As we all know, popular trends can have a huge influence on our behavior. Young people are particularly vulnerable to peer pressure in this regard. If the music popular among their peers glamorizes substance misuse, they are at risk.
Rap culture has long influenced the attitudes of young people toward addictive drugs. A 2008 study by researchers at the University of California, Berkeley found a sixfold increase in drug references in rap music songs over the 1979–97 period. During this time, illegal drug use became increasingly linked to wealth, glamour, and social standing, marking a departure from earlier years, when rap music was more likely to have depicted negative consequences of drug misuse, according to study author Denise Herd.
“Rap music is especially appealing to young people, many of whom look up to rappers as role models,” Herd said. The UC Berkeley study documented a threefold increase in mentions of marijuana and marijuana-stuffed cigars, or “blunts,” and noted marijuana’s association in those songs with creativity, wealth and status. Another substance popular with fans of rap music is codeine-laced cough syrup, so-called “purple drank” or “lean.”
This homemade concoction of codeine (as contained in many cough medicines), a soda like Sprite or Mountain Dew, and Jolly Ranchers, is then typically sipped out of a double-stacked styrofoam cup. Many young people are completely unaware that codeine is an opioid that belongs to the same class of drugs as heroin. Many parents know very little about what’s going on in contemporary rap music.
In recent years, the negative consequences of drug worship have been exposed dramatically. The rapper Lil Peep fatally overdosed on fentanyl and Xanax in November 2017. His frequent use of a variety of illicit drugs was driven by mental health issues.
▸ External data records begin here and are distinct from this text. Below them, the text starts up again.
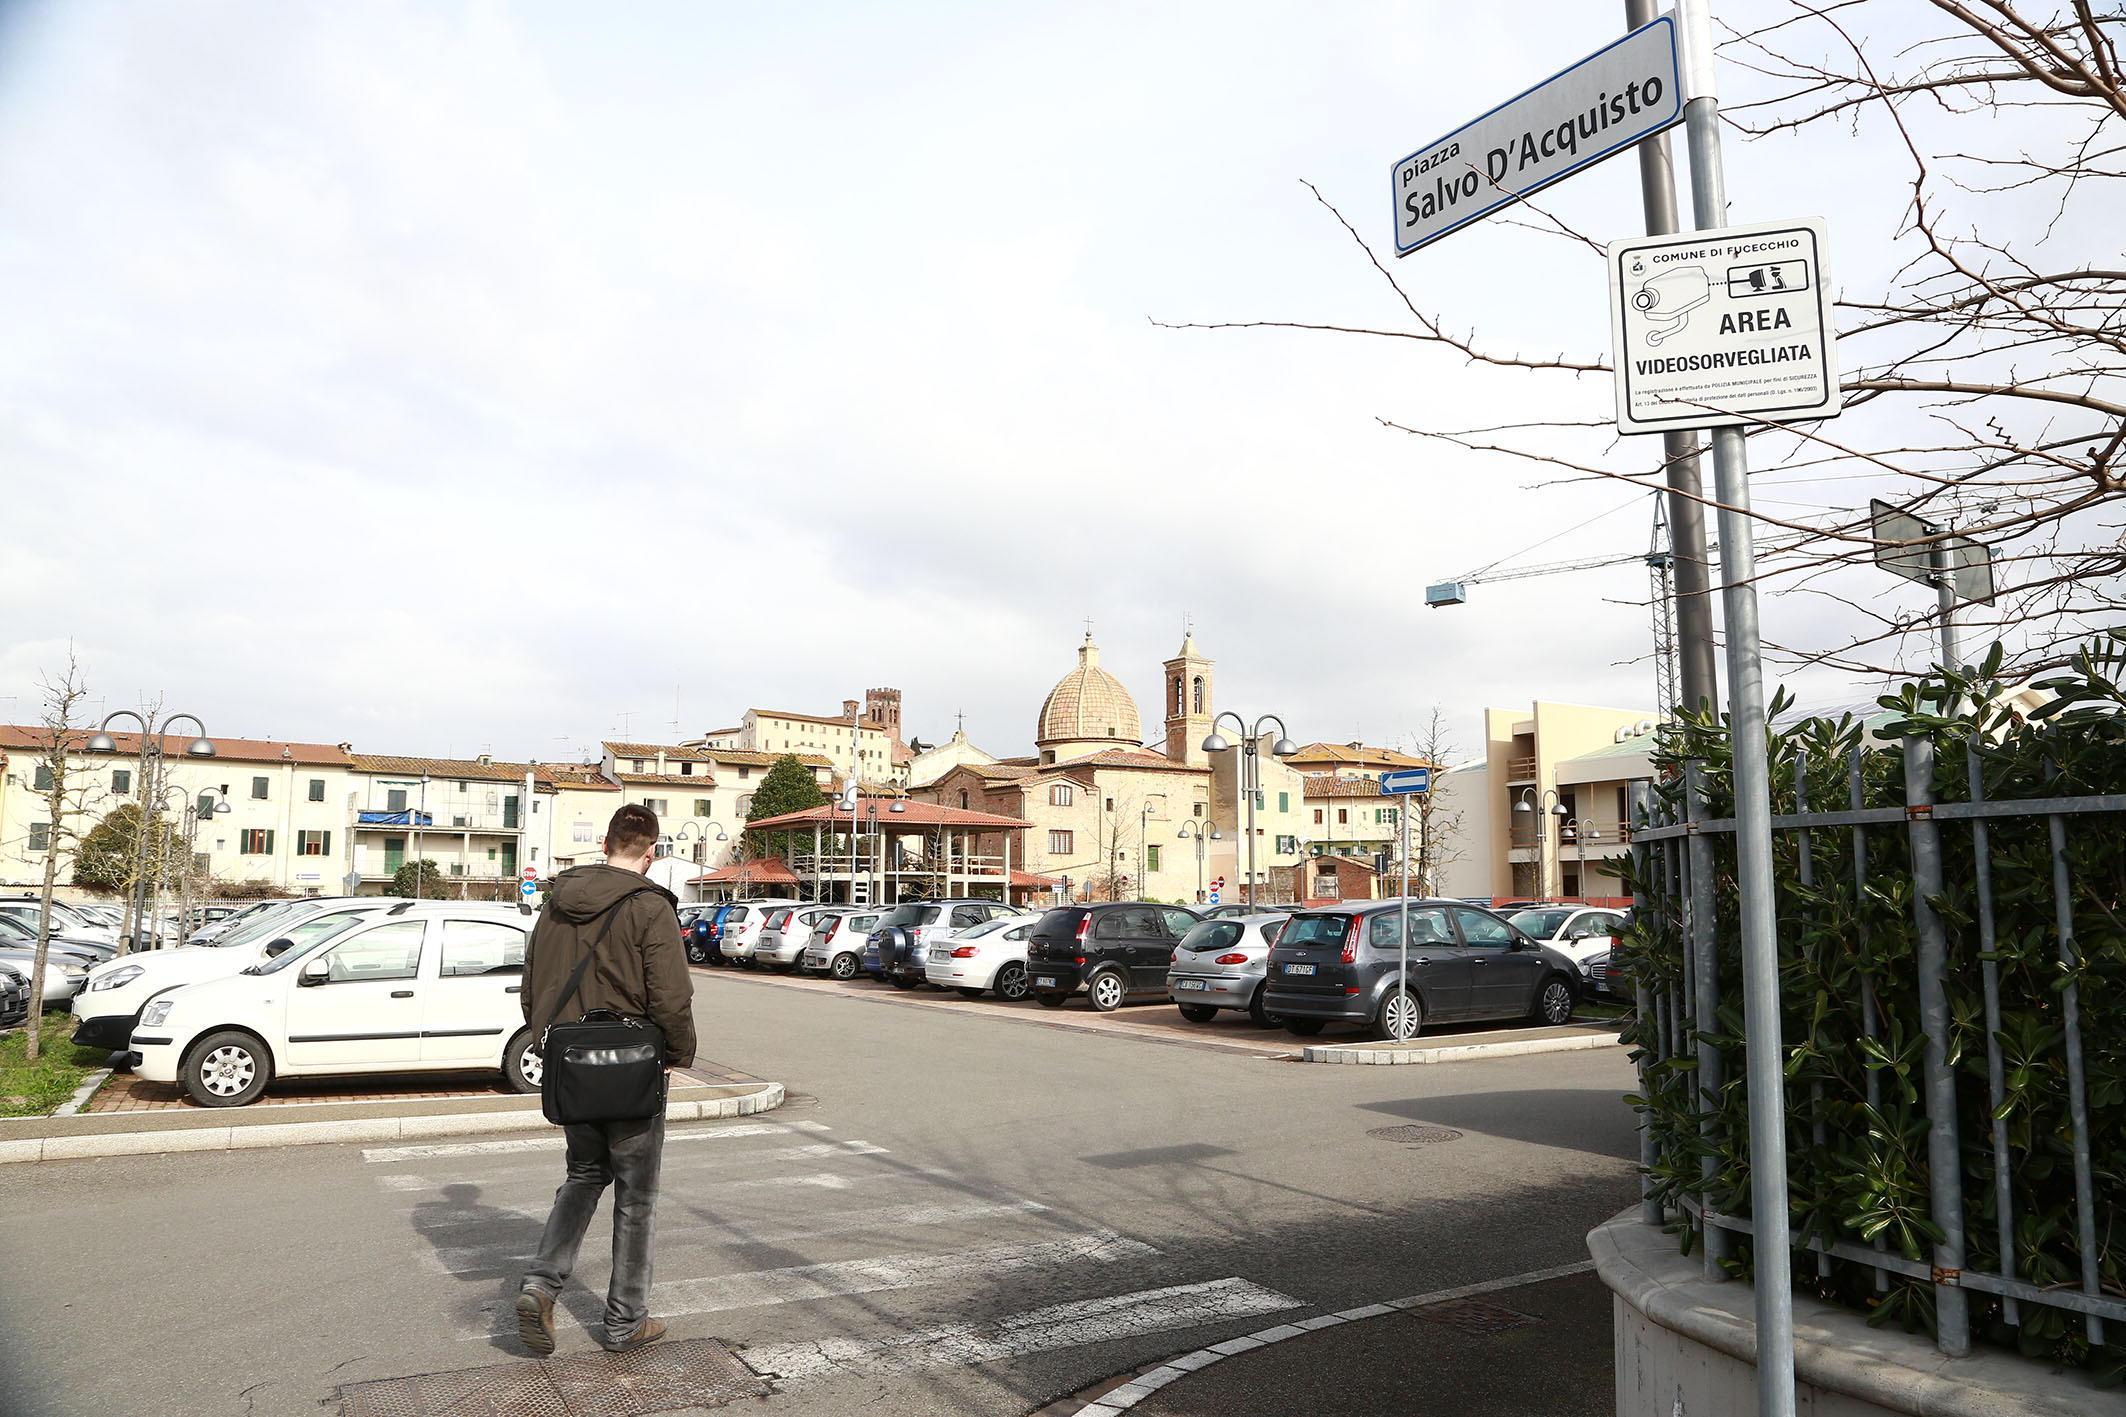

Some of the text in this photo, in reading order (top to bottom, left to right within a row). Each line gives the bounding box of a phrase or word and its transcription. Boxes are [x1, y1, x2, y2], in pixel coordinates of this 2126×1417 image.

[1402, 142, 1460, 187] piazza
[1406, 76, 1663, 227] Salvo D'Acquisto
[1652, 239, 1799, 263] COMUNE DI FUCECCHIO
[1719, 307, 1792, 335] AREA
[1636, 344, 1812, 375] VIDEOSORVEGLIATA
[1642, 387, 1674, 395] registrazione
[1732, 378, 1762, 386] MUNICIPALE
[1789, 373, 1818, 381] SICUREZZA
The drug use of rapper Mac Miller was also largely driven by co-occurring mental health conditions. He died in 2018 from an overdose due to the mixed drug toxicity of fentanyl, alcohol, and cocaine.
For a long time, many rappers have positively portrayed substance use in their music. Currently, however, the tide is turning somewhat with several young rappers spelling out the severe consequences of addiction and mental illness in an effort to raise awareness and fight the stigma connected with substance use disorders.